After Mountainview Thoroughbred Racing Association was awarded Pennsylvania’s fifth mini-casino license on April 4, not one bid was received for the sixth license at the auction on Wednesday, which was open to owners of casinos within the northeastern state.
According to the Associated Press, after the mid-week auction, Pennsylvania Gaming Control Board officials said that it must now decide whether or not to hold a second auction, and if that is decided, whether to allow bidding on the five remaining licenses by casino operators located outside of the state or by non-casino business, as published by ABC News.

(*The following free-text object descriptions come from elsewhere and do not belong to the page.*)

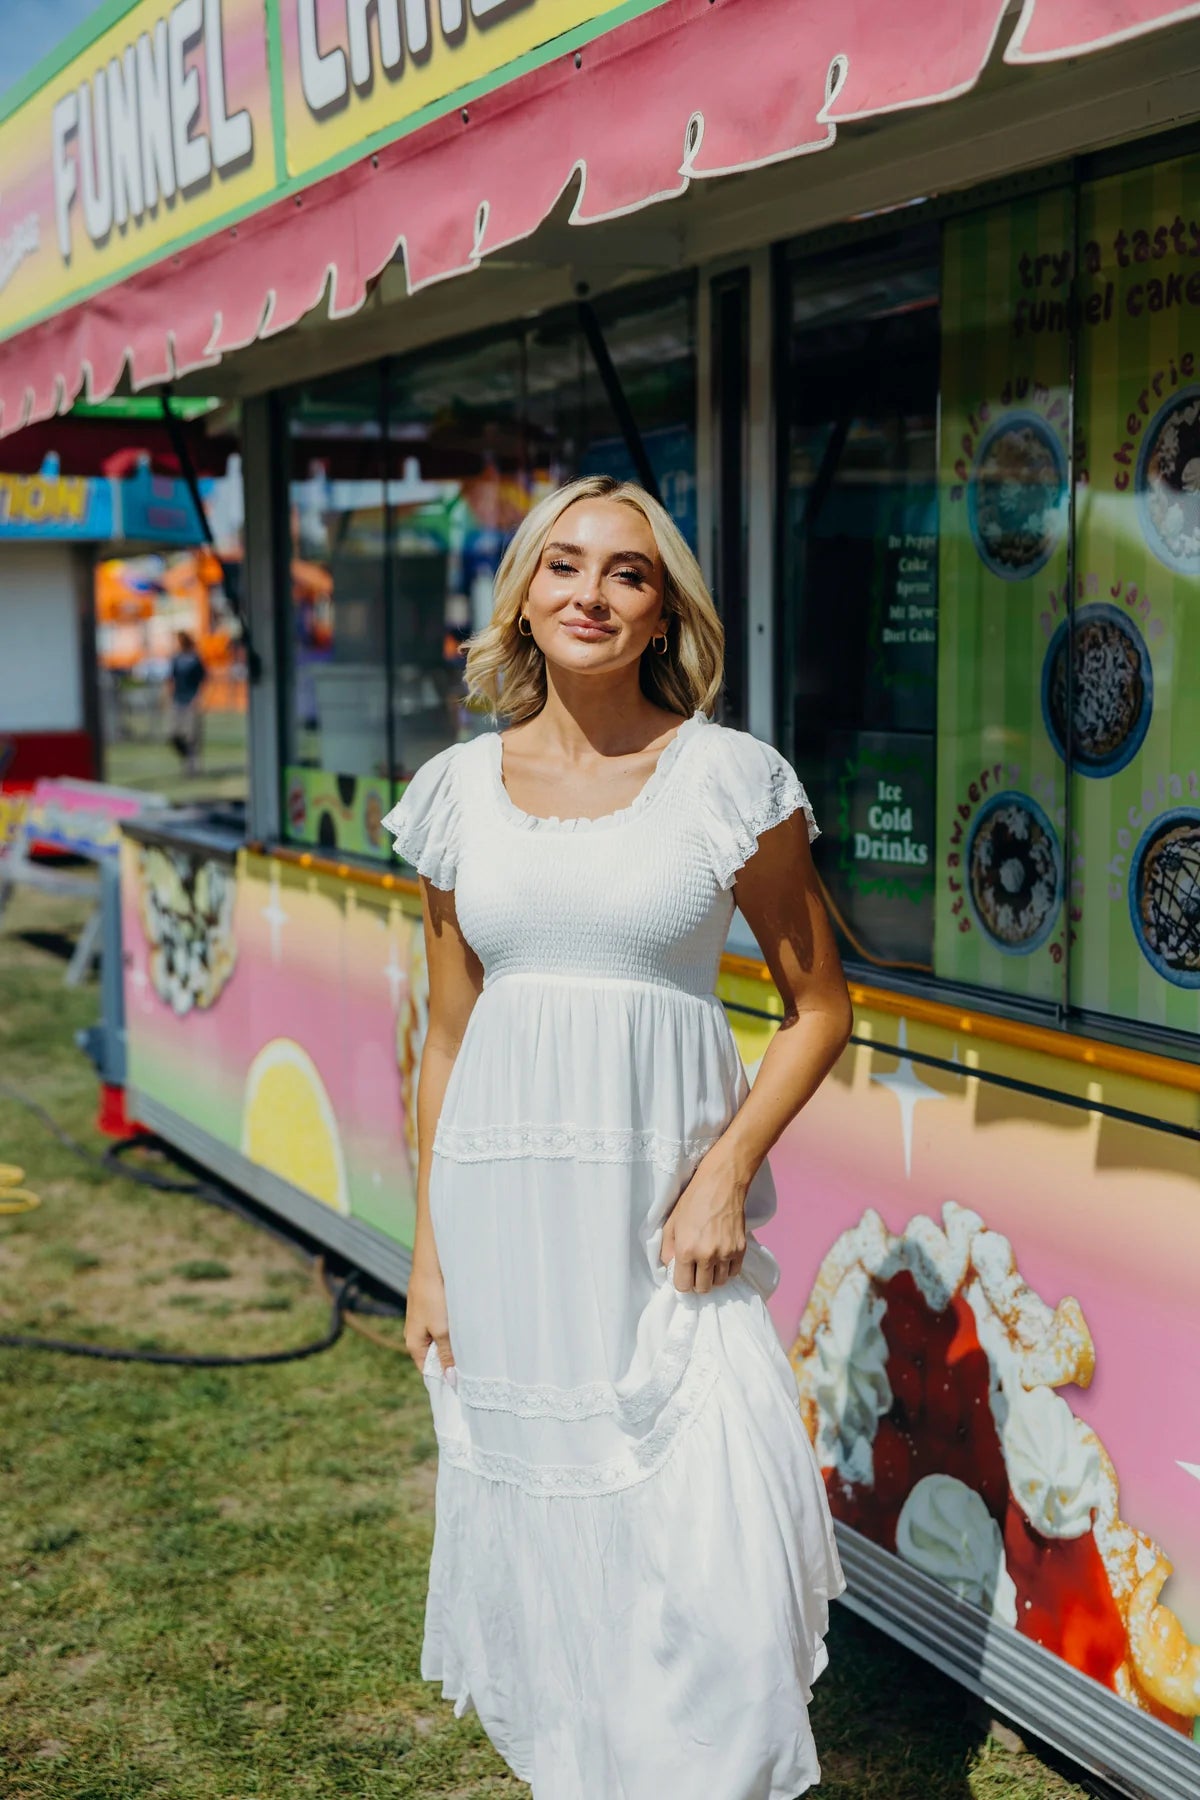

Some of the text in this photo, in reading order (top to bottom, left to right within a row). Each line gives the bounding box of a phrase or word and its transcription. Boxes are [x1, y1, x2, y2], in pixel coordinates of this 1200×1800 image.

[52, 0, 253, 264] FUNNEL
[1018, 215, 1200, 289] try a tasty
[1014, 271, 1200, 338] funel cake
[1113, 350, 1200, 491] cherrie
[868, 804, 913, 832] Cold
[878, 780, 902, 802] Ice
[854, 832, 929, 865] Drinks

Earlier this month, the $7,500,003 bid by the operator of Hollywood Casino at Penn National Race Course was enough to secure a site for placement of the fifth mini-casino. It was the second winning bid for Hollywood Casino, after a Jan. 10 auction net the subsidiary of Penn National Gaming, Inc. the first Pennsylvania-area satellite property for Yoe, PA in York County, with a winning bid of $50,100,000.
In addition to being the sixth auction, it was also the first one where previous winners could bid for a second time.

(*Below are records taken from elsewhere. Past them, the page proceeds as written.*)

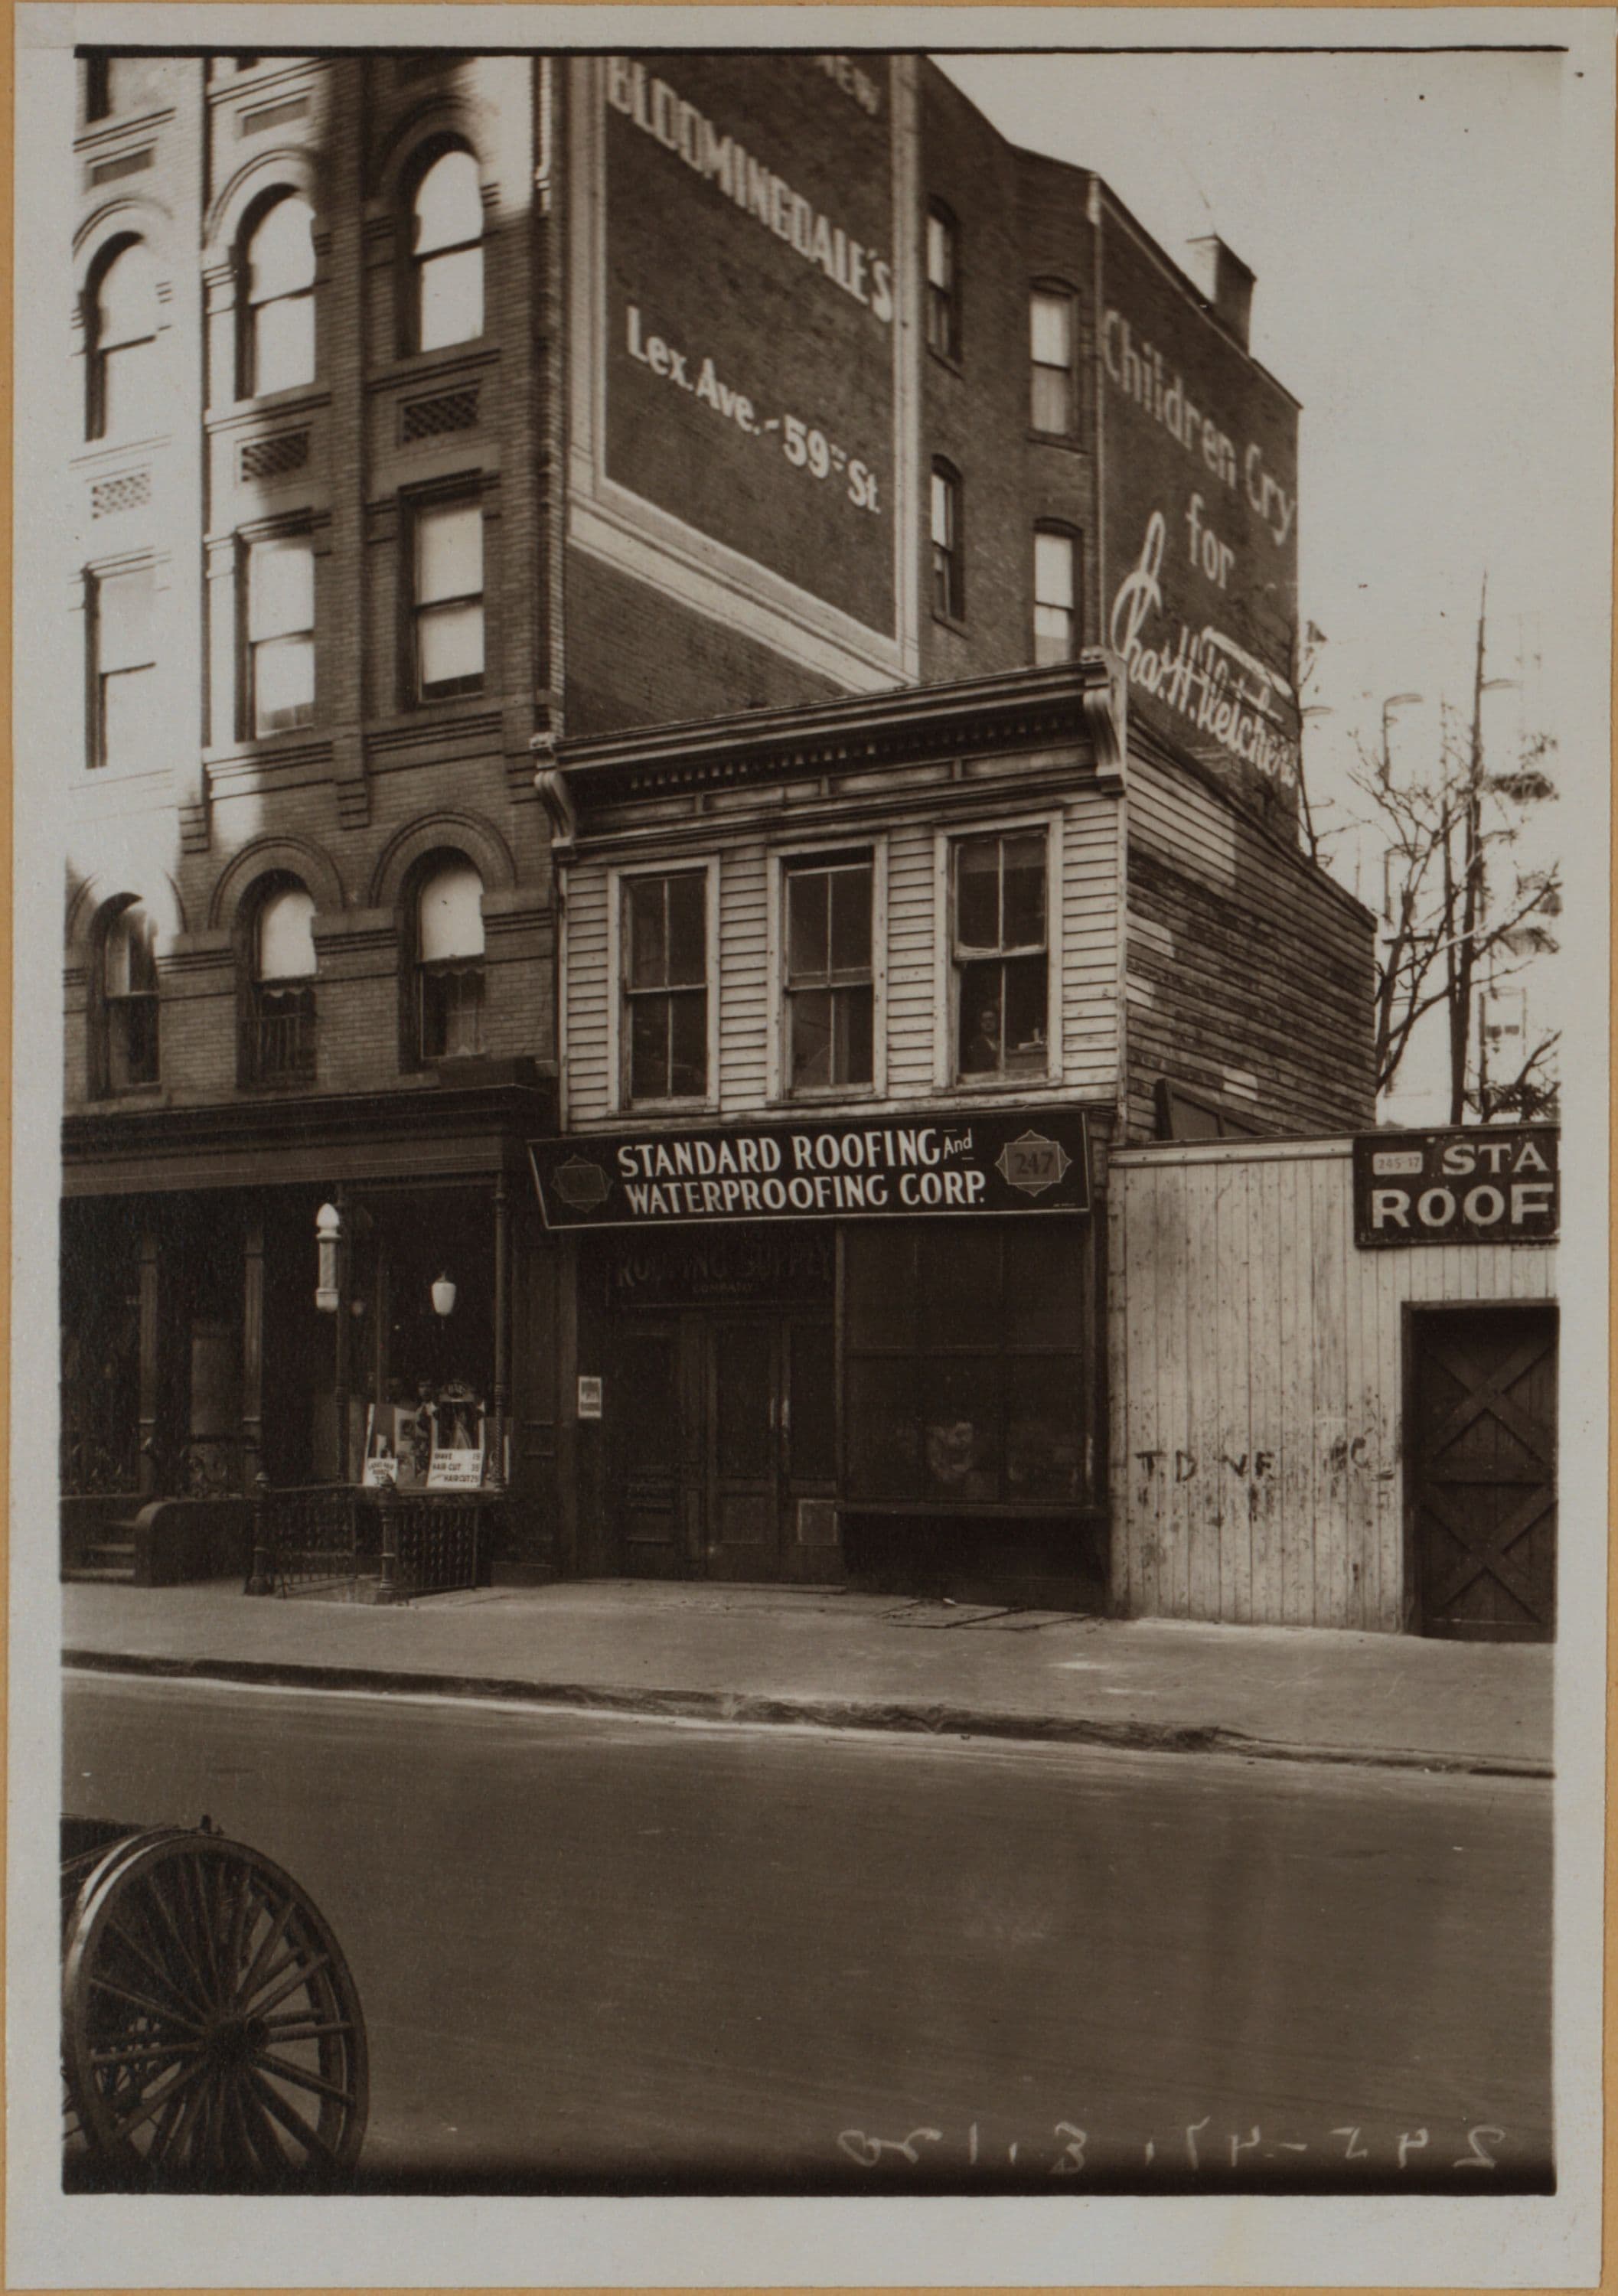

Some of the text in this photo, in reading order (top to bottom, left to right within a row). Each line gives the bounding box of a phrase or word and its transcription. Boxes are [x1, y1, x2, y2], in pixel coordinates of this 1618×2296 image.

[1103, 309, 1297, 546] Children Cry
[1185, 491, 1236, 591] for
[617, 1128, 973, 1179] STANDARD ROOFING And
[1014, 1151, 1055, 1176] 247
[1442, 1141, 1550, 1176] STA
[624, 1170, 986, 1215] WATERPROOFING CORP.
[1372, 1182, 1554, 1228] ROOF

There are five auctions remaining, courtesy of the gambling expansion law signed by Gov. Wolf on October 30, 2017, which included the creation of 10 satellite casinos. The five winning bids have surpassed the state’s estimate of $100 million in the event that all 10 Category 4 licenses were sold at the required minimum of $7.5 million (slots) and $2.5 million (table games), with the bids totaling $127 million to date.
The new Category 4 licenses allow between 300 and 750 slots and as many as 30 gaming tables in the first year of operation, with an option to add 10 table games the second year.